--- START ---

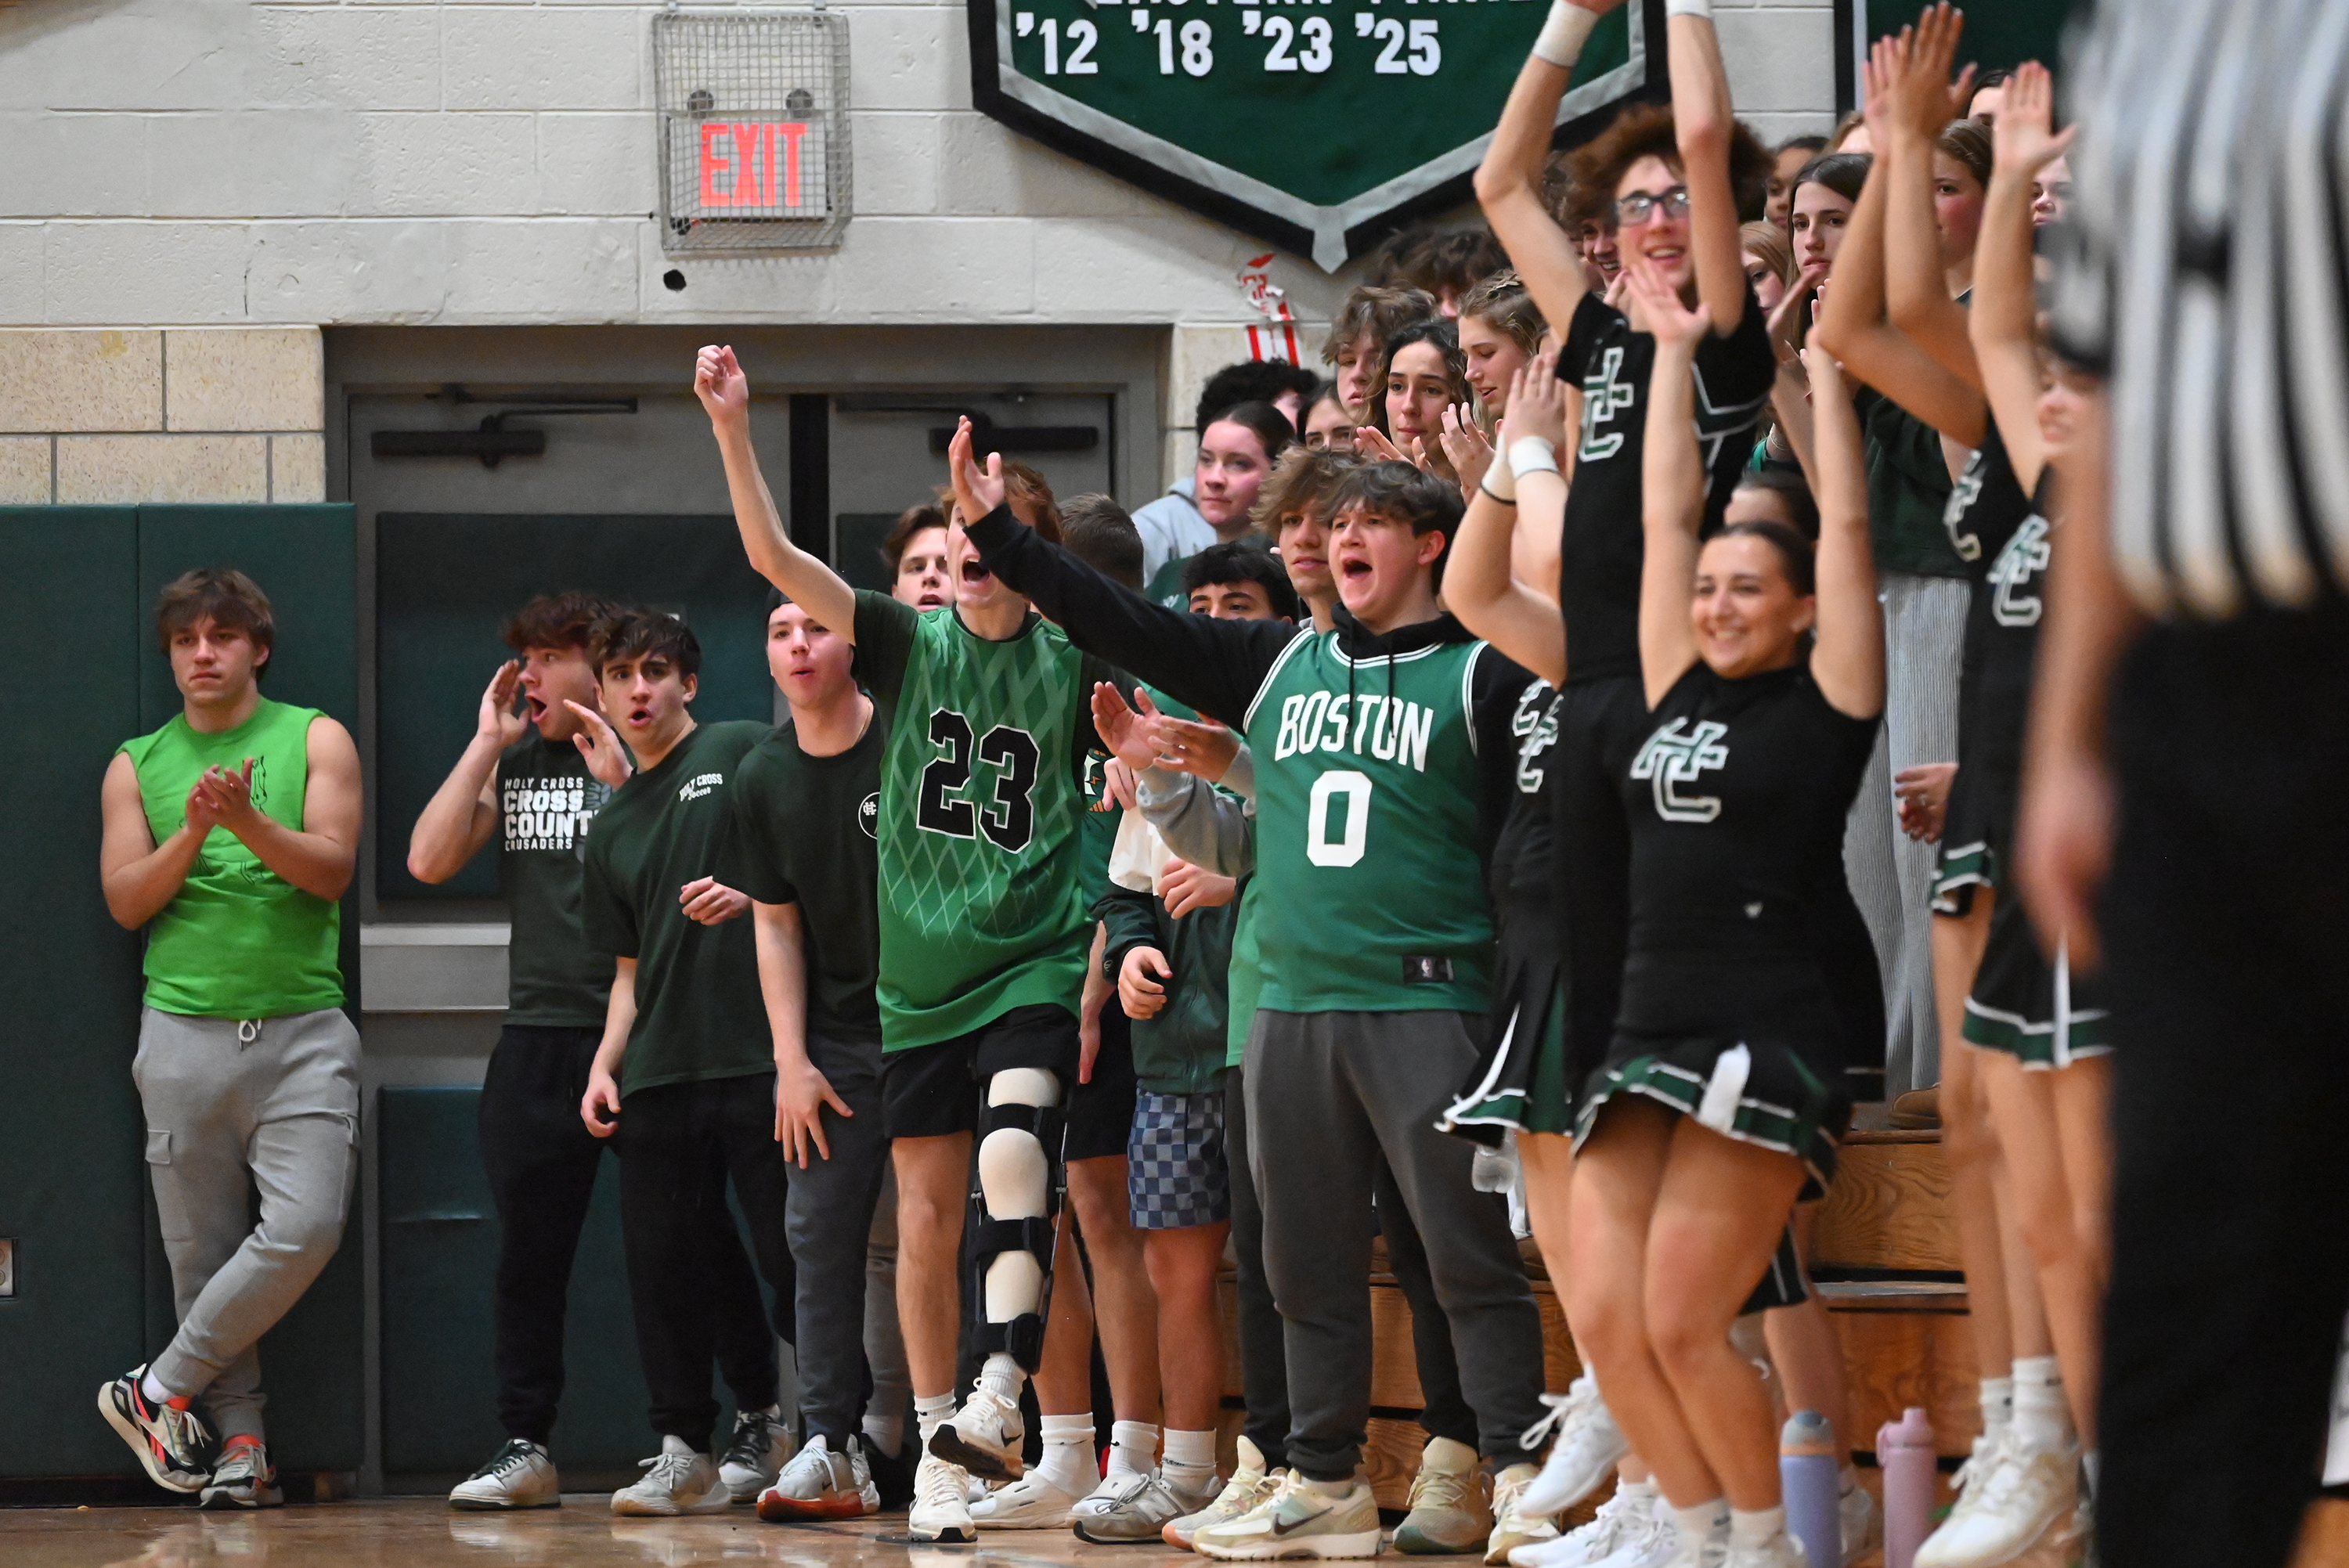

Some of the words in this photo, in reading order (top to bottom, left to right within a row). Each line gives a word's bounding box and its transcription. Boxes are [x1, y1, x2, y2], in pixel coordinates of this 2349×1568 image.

[700, 123, 807, 207] EXIT
[1275, 690, 1434, 773] BOSTON
[504, 777, 534, 791] HOLY
[540, 777, 584, 790] CROSS
[696, 773, 723, 787] CROSS
[916, 706, 1041, 854] 23
[503, 790, 584, 813] CROSS
[505, 809, 599, 839] COUNT
[1307, 770, 1373, 867] 0
[504, 838, 572, 852] CRUSADERS

--- END ---

Required action: Restate the listing above word for word. Leave the images out.

Result of the exercise:
Some of the words in this photo, in reading order (top to bottom, left to right within a row). Each line gives a word's bounding box and its transcription. Boxes are [x1, y1, x2, y2], in pixel coordinates of this 2349×1568 image.

[700, 123, 807, 207] EXIT
[1275, 690, 1434, 773] BOSTON
[504, 777, 534, 791] HOLY
[540, 777, 584, 790] CROSS
[696, 773, 723, 787] CROSS
[916, 706, 1041, 854] 23
[503, 790, 584, 813] CROSS
[505, 809, 599, 839] COUNT
[1307, 770, 1373, 867] 0
[504, 838, 572, 852] CRUSADERS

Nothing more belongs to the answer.